### Task requirements
What you need to do is retype every entry exactly as written.

[Items from a dataset]
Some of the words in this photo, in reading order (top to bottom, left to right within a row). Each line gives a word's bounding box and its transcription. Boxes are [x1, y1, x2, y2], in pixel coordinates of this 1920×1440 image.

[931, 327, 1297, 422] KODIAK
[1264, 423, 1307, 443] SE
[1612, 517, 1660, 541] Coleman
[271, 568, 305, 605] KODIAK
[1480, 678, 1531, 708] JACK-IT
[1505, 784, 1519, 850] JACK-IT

### Response for this exercise
Some of the words in this photo, in reading order (top to bottom, left to right within a row). Each line gives a word's bounding box and its transcription. Boxes are [x1, y1, x2, y2], in pixel coordinates of this 1920×1440 image.

[931, 327, 1297, 422] KODIAK
[1264, 423, 1307, 443] SE
[1612, 517, 1660, 541] Coleman
[271, 568, 305, 605] KODIAK
[1480, 678, 1531, 708] JACK-IT
[1505, 784, 1519, 850] JACK-IT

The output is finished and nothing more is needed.